-- PROBLEM DESCRIPTION --
Restate the records below exactly. Pictures are not part of the copy.
┏━━
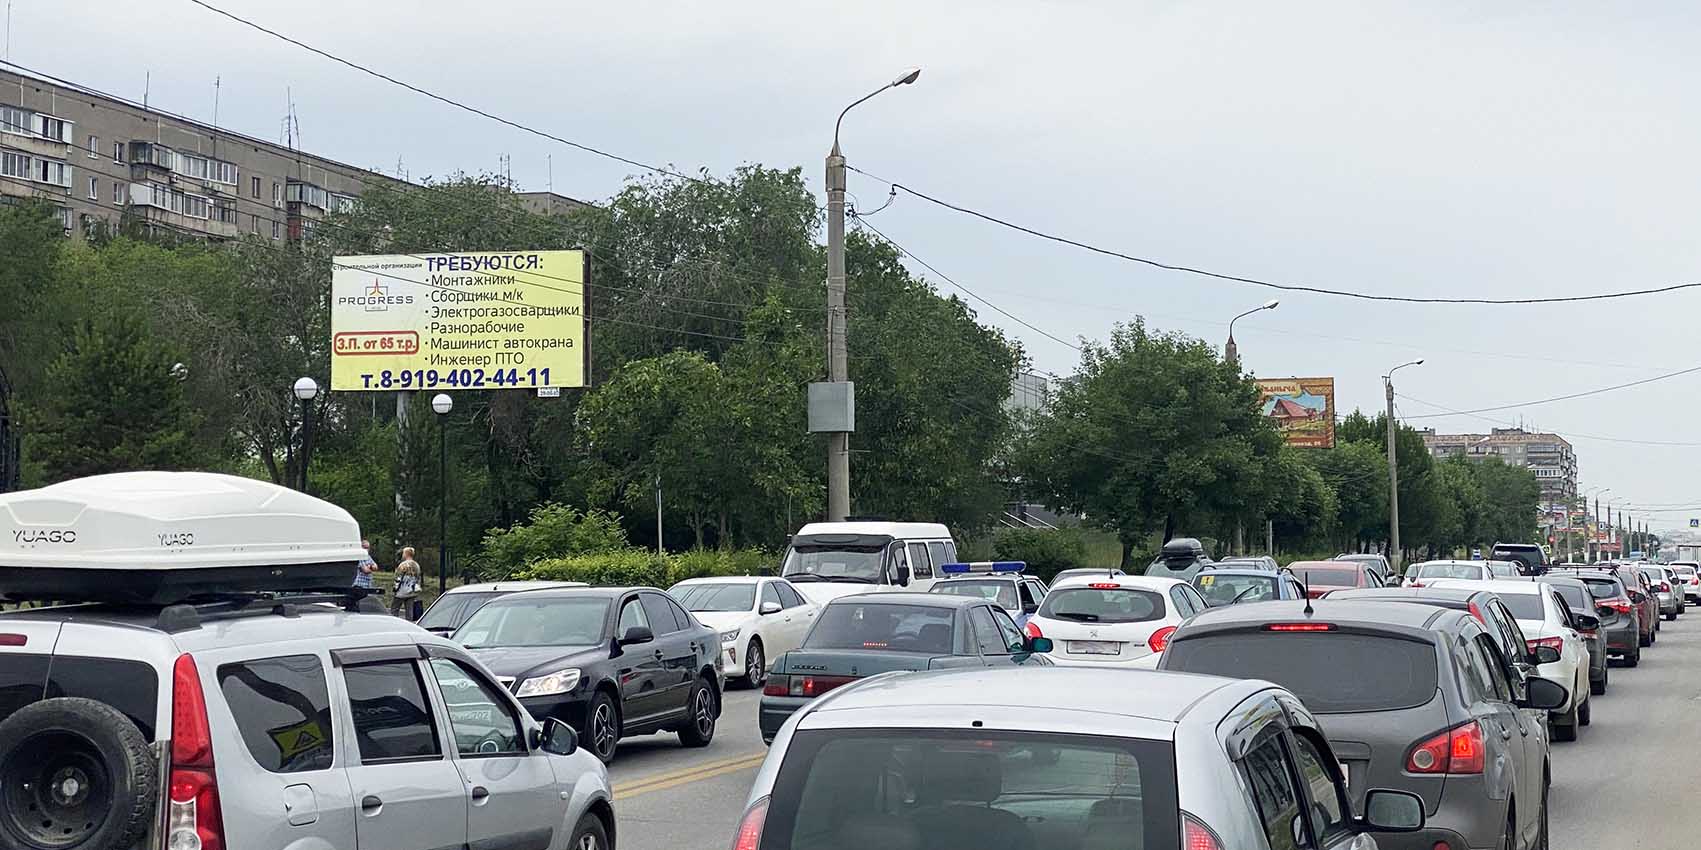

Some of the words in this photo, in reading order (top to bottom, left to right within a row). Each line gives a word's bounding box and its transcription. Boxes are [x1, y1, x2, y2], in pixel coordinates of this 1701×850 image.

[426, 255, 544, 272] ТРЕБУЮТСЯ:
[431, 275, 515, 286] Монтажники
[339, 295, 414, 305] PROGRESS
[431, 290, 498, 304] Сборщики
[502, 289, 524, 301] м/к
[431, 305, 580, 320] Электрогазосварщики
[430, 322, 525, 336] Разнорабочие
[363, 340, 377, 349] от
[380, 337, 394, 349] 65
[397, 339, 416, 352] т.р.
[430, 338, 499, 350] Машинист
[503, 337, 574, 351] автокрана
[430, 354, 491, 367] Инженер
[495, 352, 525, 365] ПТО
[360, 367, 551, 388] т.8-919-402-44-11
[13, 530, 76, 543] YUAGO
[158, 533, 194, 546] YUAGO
┗━━
-- TASK ANSWER --
Some of the words in this photo, in reading order (top to bottom, left to right within a row). Each line gives a word's bounding box and its transcription. Boxes are [x1, y1, x2, y2], in pixel coordinates of this 1701×850 image.

[426, 255, 544, 272] ТРЕБУЮТСЯ:
[431, 275, 515, 286] Монтажники
[339, 295, 414, 305] PROGRESS
[431, 290, 498, 304] Сборщики
[502, 289, 524, 301] м/к
[431, 305, 580, 320] Электрогазосварщики
[430, 322, 525, 336] Разнорабочие
[363, 340, 377, 349] от
[380, 337, 394, 349] 65
[397, 339, 416, 352] т.р.
[430, 338, 499, 350] Машинист
[503, 337, 574, 351] автокрана
[430, 354, 491, 367] Инженер
[495, 352, 525, 365] ПТО
[360, 367, 551, 388] т.8-919-402-44-11
[13, 530, 76, 543] YUAGO
[158, 533, 194, 546] YUAGO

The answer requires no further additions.